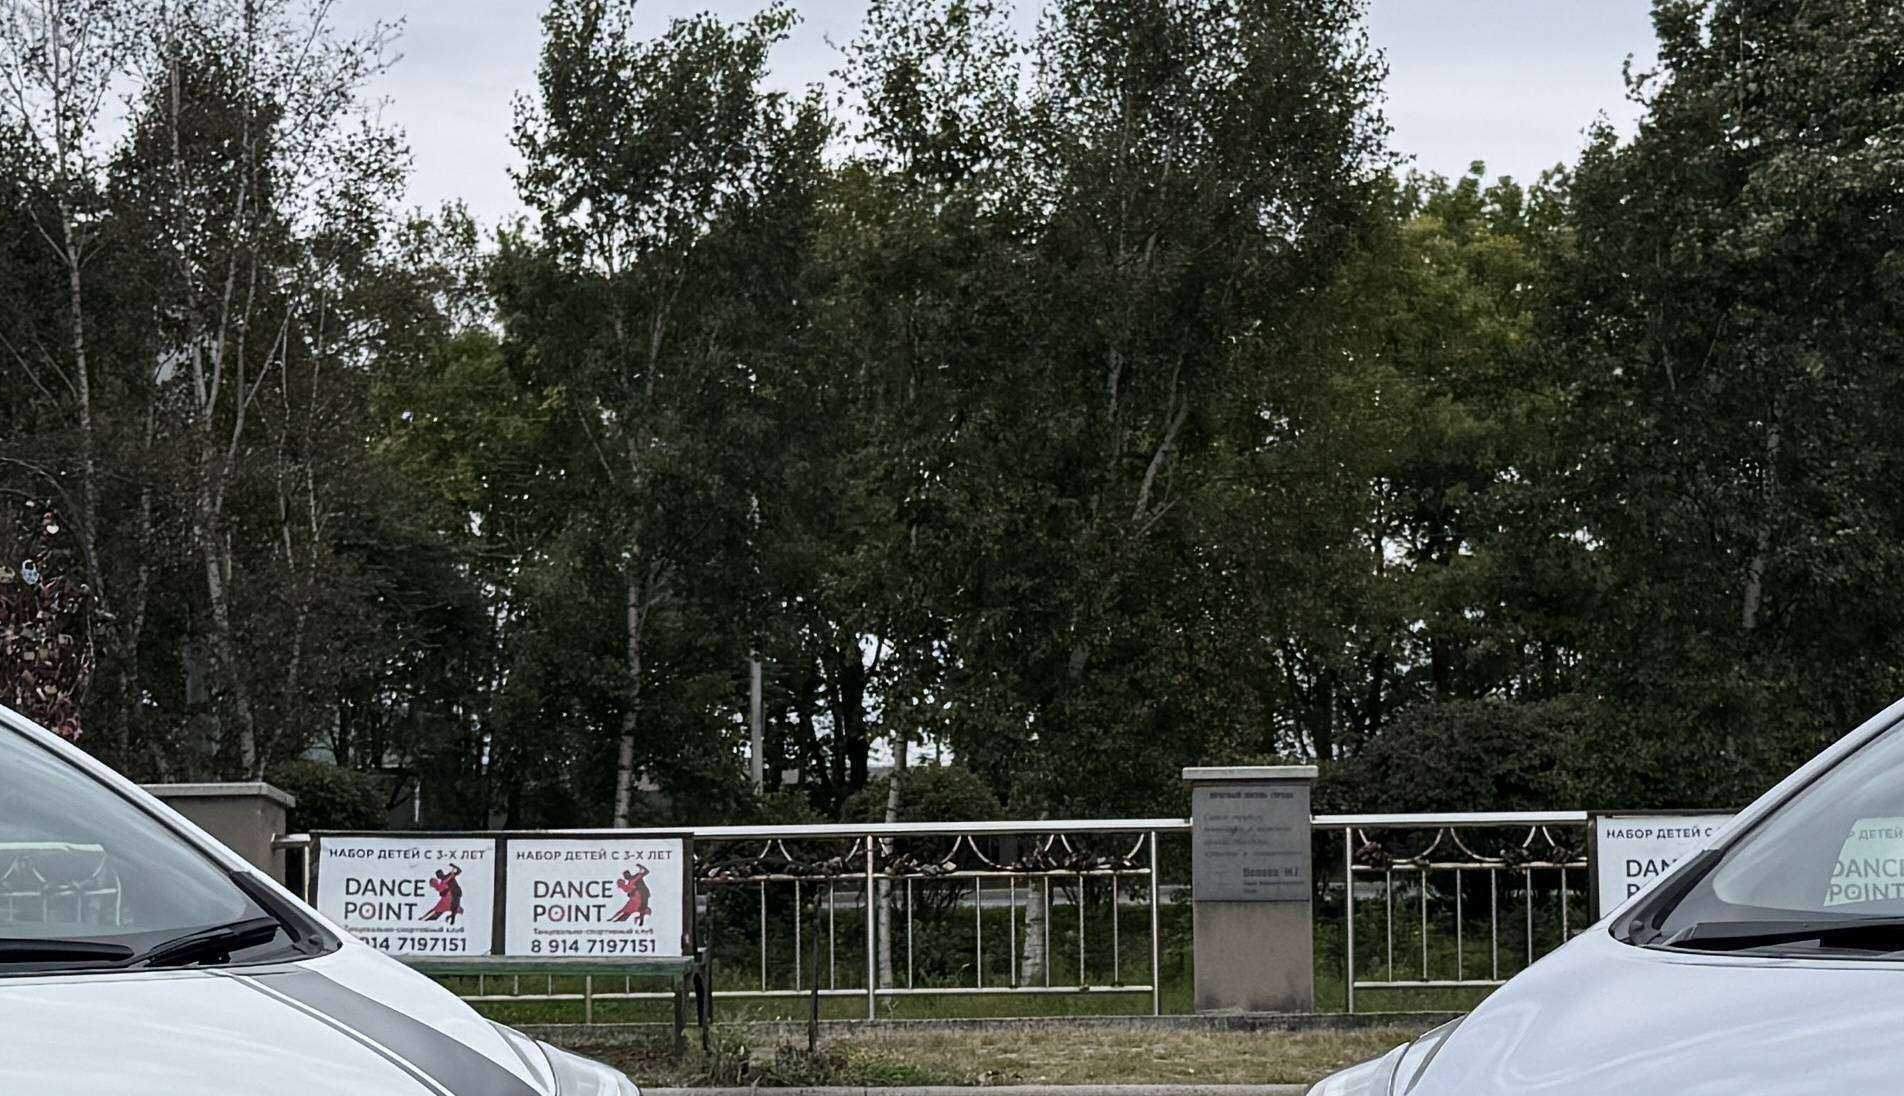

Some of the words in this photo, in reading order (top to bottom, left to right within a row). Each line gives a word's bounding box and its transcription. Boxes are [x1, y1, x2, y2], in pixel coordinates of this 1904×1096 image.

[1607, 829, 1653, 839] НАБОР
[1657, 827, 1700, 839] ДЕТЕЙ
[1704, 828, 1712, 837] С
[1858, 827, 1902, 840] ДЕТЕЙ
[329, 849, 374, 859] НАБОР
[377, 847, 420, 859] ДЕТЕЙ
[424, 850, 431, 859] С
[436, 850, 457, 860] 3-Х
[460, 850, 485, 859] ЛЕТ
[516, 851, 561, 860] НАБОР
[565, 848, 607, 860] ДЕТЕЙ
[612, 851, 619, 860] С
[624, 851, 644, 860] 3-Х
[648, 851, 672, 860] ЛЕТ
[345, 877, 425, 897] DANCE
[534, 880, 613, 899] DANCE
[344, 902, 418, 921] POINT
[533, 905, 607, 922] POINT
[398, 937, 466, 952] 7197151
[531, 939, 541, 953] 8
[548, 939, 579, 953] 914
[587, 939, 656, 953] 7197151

——

Your copy should restate every record word for word and contain no pictures.

**RESULT:**
Some of the words in this photo, in reading order (top to bottom, left to right within a row). Each line gives a word's bounding box and its transcription. Boxes are [x1, y1, x2, y2], in pixel coordinates of this 1904×1096 image.

[1607, 829, 1653, 839] НАБОР
[1657, 827, 1700, 839] ДЕТЕЙ
[1704, 828, 1712, 837] С
[1858, 827, 1902, 840] ДЕТЕЙ
[329, 849, 374, 859] НАБОР
[377, 847, 420, 859] ДЕТЕЙ
[424, 850, 431, 859] С
[436, 850, 457, 860] 3-Х
[460, 850, 485, 859] ЛЕТ
[516, 851, 561, 860] НАБОР
[565, 848, 607, 860] ДЕТЕЙ
[612, 851, 619, 860] С
[624, 851, 644, 860] 3-Х
[648, 851, 672, 860] ЛЕТ
[345, 877, 425, 897] DANCE
[534, 880, 613, 899] DANCE
[344, 902, 418, 921] POINT
[533, 905, 607, 922] POINT
[398, 937, 466, 952] 7197151
[531, 939, 541, 953] 8
[548, 939, 579, 953] 914
[587, 939, 656, 953] 7197151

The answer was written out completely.